Goodman (with reference to linguist Deborah Tannen) makes a valid point in her piece: that women are caught in a double-bind. Act the way women are expected to act, and they're too soft to lead. Act differently, and they're not good women. And Goodman adds a third bind: complain about gender bias, and they're whiners.
Rachel Maddow, on MSNBC as well as on her radio show, made a similar point: that the very fact of the numbers makes any presidential debate this time around, "gendered."I'm a huge fan of both Maddow and Goodman. And I think, in the abstract, their points are valid. But I also believe that it takes more than numbers to create a "gendered" interaction. Compare this last Democratic debate with Hillary Clinton's debate with Rick Lazio, in the 2000 Senatorial race.
Lazio's strategy was blatantly (and stupidly) gendered, in a variety of ways.

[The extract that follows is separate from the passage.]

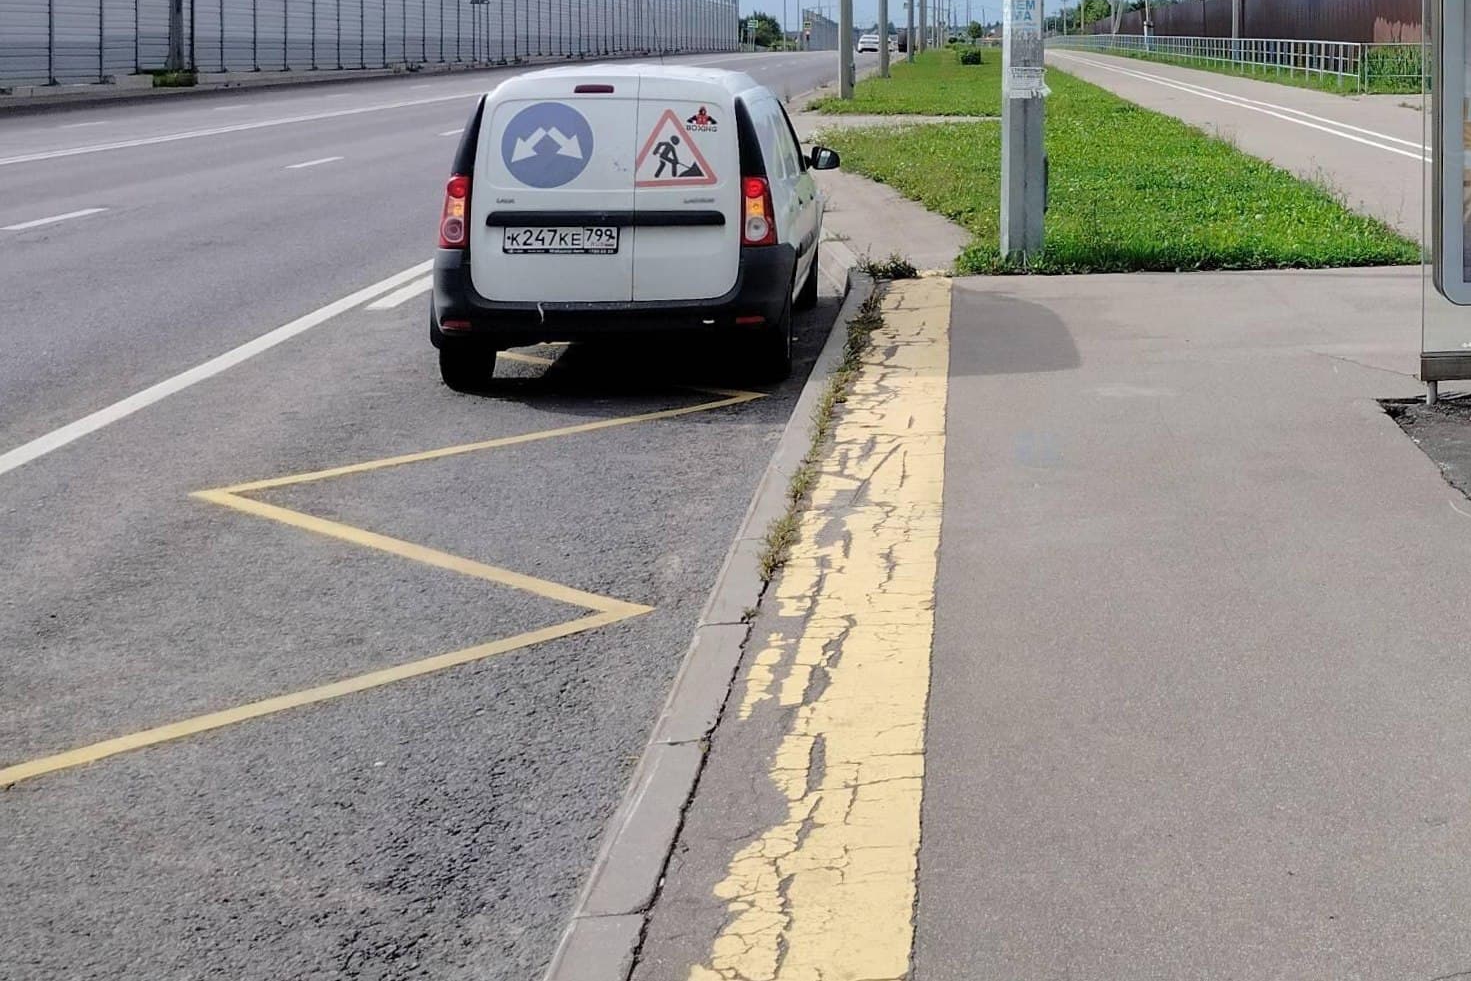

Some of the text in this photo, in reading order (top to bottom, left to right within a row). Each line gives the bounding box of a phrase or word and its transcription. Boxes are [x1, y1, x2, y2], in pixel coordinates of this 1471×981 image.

[686, 124, 718, 133] BOXING
[510, 228, 614, 247] К247КЕ 799

He seemed to try to physically intimidate her, crossing the stage to try to force her to sign a pledge; He, unbelievably, tried to blame her for her own husband's deceit about his infidelity; and he generally treated her as an extension of her husband. Here’s part of Lazio’s debate performance:
“RUSSERT:
And your response, Mr. Lazio. Would you also address your fund-raising letter of July of 2000 where you said the first lady embarrassed our country.
LAZIO:
I stand by that fund-raising letter. I stand by that statement. And I think that, frankly, what's so troubling here with respect to what my opponent just said, is somehow that it only matters what you say when you get caught. And character and trust is about well more than that. And blaming others every time you have responsibility? Unfortunately that's become a pattern, I think, for my opponent. And it's something that I reject and I believe that New Yorkers reject. We can do well better.”
So, bizarrely, Lazio seemed to be suggesting that Hillary was secretly scheming with her husband, to keep his infidelity to her, a secret from the American people. Right. No wonder he lost.

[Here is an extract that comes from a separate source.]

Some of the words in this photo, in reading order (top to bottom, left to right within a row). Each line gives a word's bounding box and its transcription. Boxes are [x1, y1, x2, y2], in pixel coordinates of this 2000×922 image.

Lazio also accused Hillary of being "Clintonesque," completing his conflation of her record with her husband's. He topped it off, by saying she was an “attractive woman,“ when asked to say something nice about her. All these things rubbed many - particularly women - the wrong way, and were clearly gendered.

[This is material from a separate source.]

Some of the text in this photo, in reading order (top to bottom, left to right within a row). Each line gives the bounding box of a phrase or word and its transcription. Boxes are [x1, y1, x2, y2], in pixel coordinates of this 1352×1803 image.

No such thing occurred in the recent democratic debate. References to the Clinton presidency were guided by Hillary's claims of the relevancy of her experience as First Lady. There was no attempt to intimidate by invading her personal space or making demands. They didn't talk about her appearance, or dress or even her manner or laugh - comments that are often used to trivialize women in positions of power. The media might, as Maddow pointed out on Dan Abrams' show, be focusing on such things. But at least as far as the primary goes, I don’t think Hillary Clinton will be able to spin the debates as having any of the same dynamics found in the Lazio debate. In that way, at least among Democrats, I agree with Ellen Goodman that we have come a long way.